Set the data down again, exactly as it reads, but without the pictures.
________________________
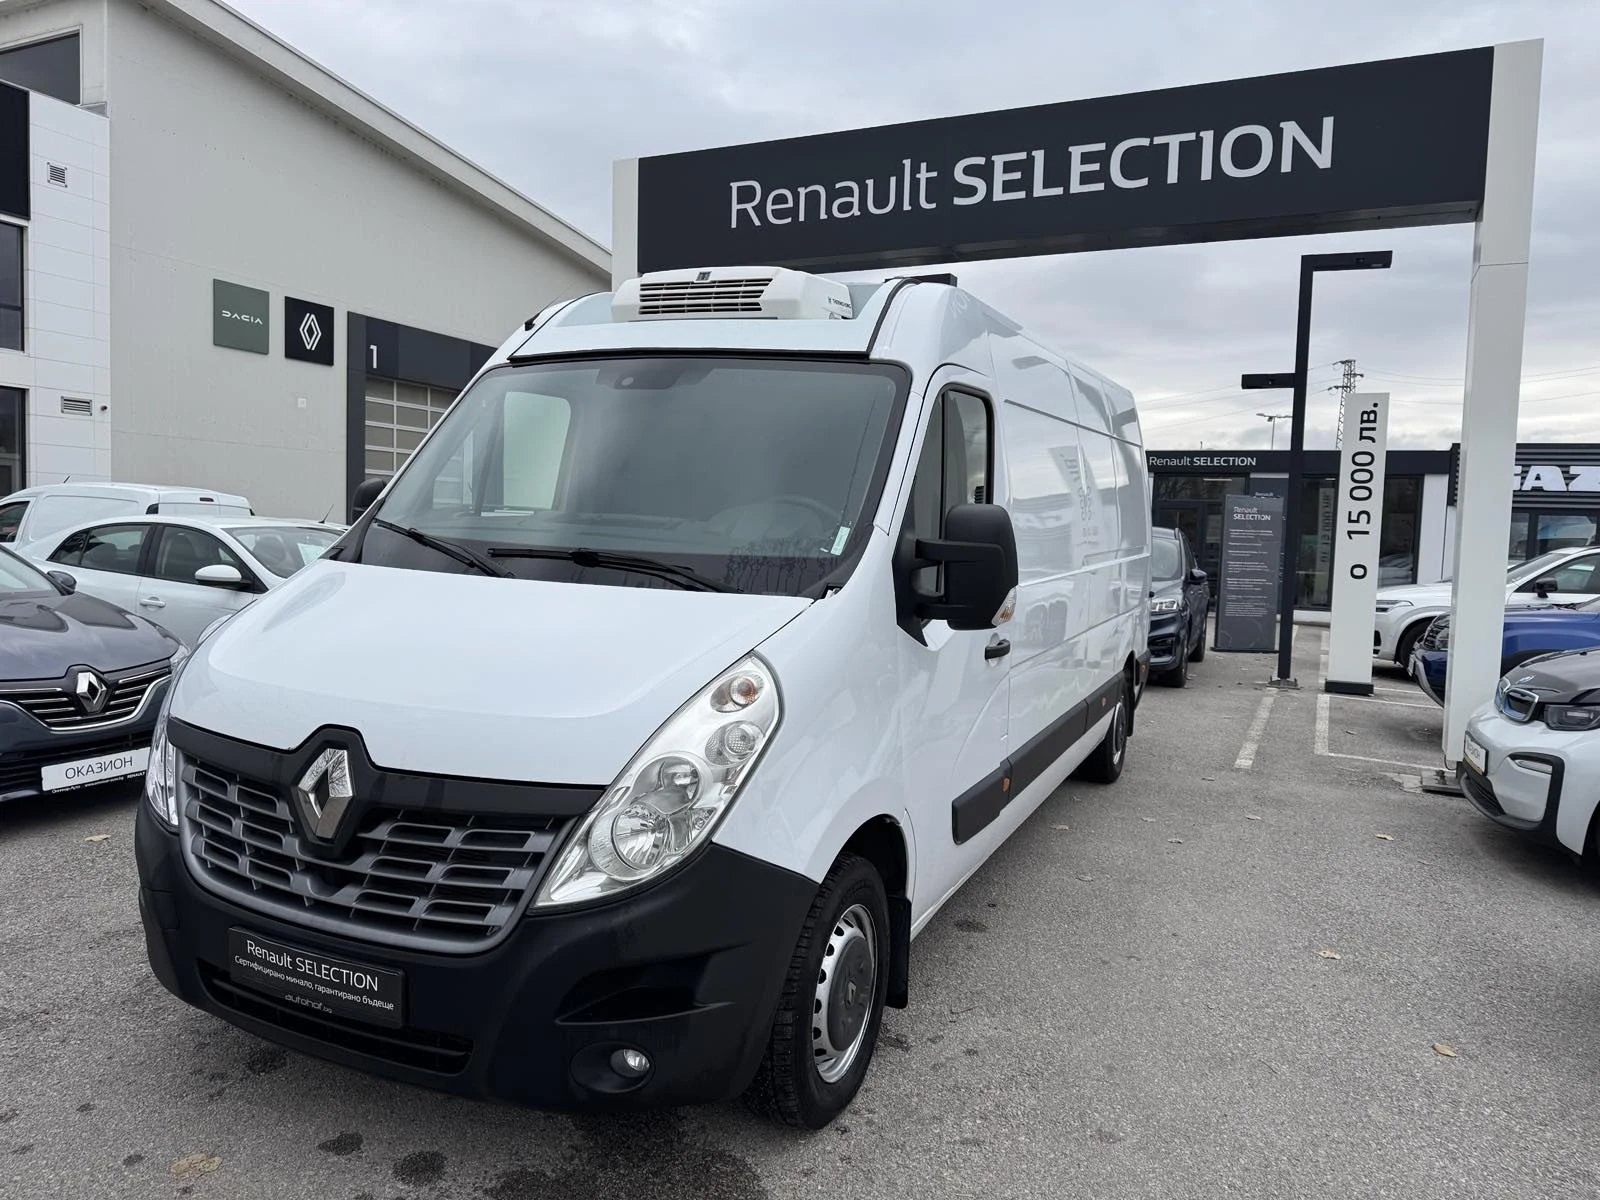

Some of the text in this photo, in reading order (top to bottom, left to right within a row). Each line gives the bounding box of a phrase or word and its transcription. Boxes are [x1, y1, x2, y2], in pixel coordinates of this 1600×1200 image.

[728, 115, 1336, 230] Renault SELECTION
[221, 309, 264, 326] DACIA
[368, 344, 379, 369] 1
[1149, 455, 1257, 467] Renault SELECTION
[1348, 450, 1375, 501] 000
[1513, 465, 1600, 492] AZ
[1232, 513, 1272, 521] SELECTION
[1233, 506, 1258, 514] Renault
[1346, 509, 1372, 541] 15
[65, 756, 133, 780] ОКАЗИОН
[246, 939, 379, 992] Renault SELECTION
[234, 955, 394, 1011] Сертифицирано минало, гарантирано бъдеще
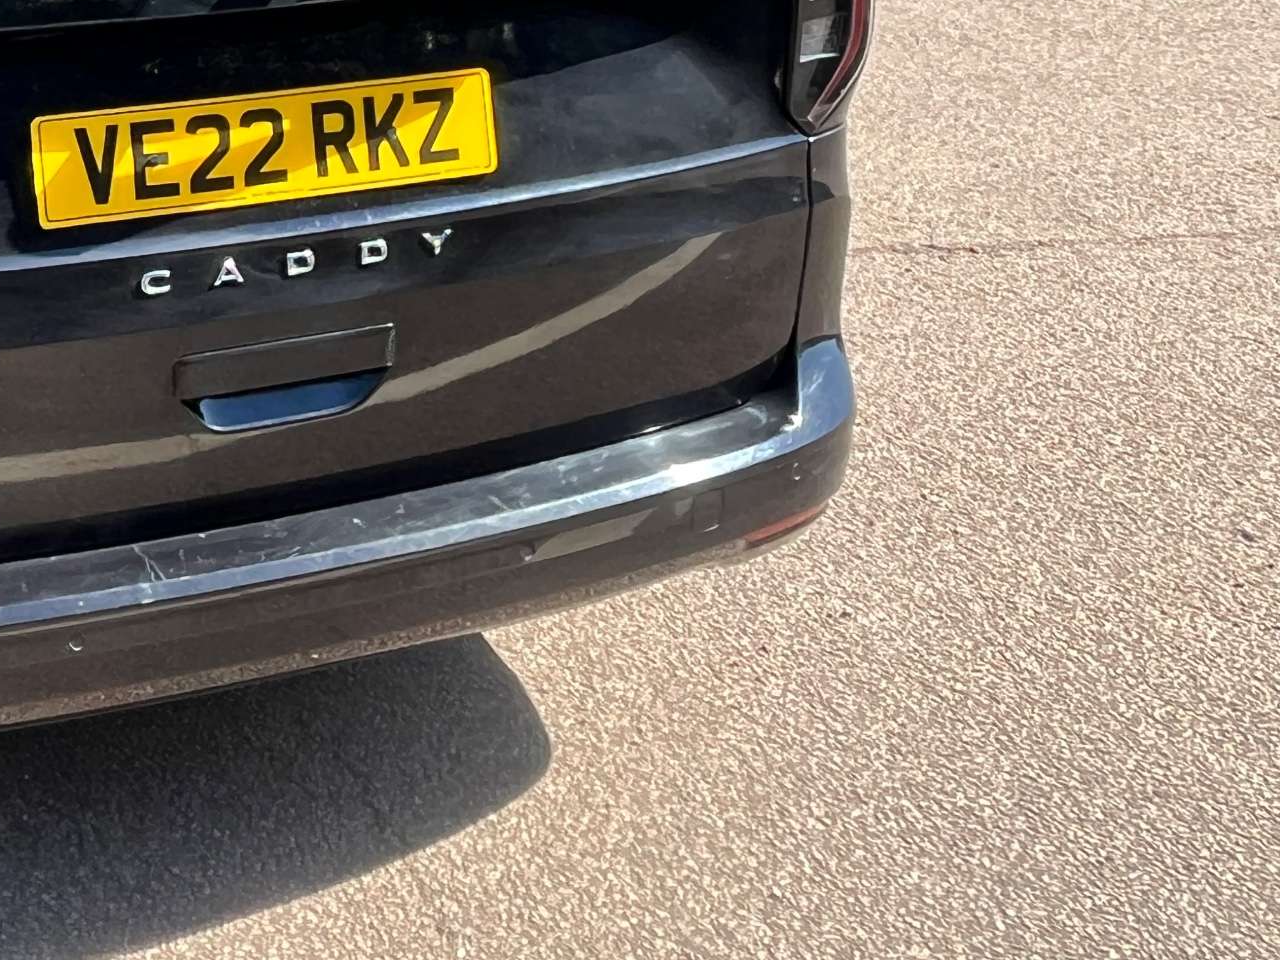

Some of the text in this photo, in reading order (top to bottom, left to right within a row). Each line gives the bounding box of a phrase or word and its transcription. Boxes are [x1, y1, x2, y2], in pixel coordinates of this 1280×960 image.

[74, 88, 460, 205] VE22 RKZ
[141, 229, 453, 295] CADDY
________________________
* _Written response_:
Some of the text in this photo, in reading order (top to bottom, left to right within a row). Each line gives the bounding box of a phrase or word and its transcription. Boxes are [x1, y1, x2, y2], in pixel coordinates of this 1600×1200 image.

[728, 115, 1336, 230] Renault SELECTION
[221, 309, 264, 326] DACIA
[368, 344, 379, 369] 1
[1149, 455, 1257, 467] Renault SELECTION
[1348, 450, 1375, 501] 000
[1513, 465, 1600, 492] AZ
[1232, 513, 1272, 521] SELECTION
[1233, 506, 1258, 514] Renault
[1346, 509, 1372, 541] 15
[65, 756, 133, 780] ОКАЗИОН
[246, 939, 379, 992] Renault SELECTION
[234, 955, 394, 1011] Сертифицирано минало, гарантирано бъдеще

Some of the text in this photo, in reading order (top to bottom, left to right within a row). Each line gives the bounding box of a phrase or word and its transcription. Boxes are [x1, y1, x2, y2], in pixel coordinates of this 1280×960 image.

[74, 88, 460, 205] VE22 RKZ
[141, 229, 453, 295] CADDY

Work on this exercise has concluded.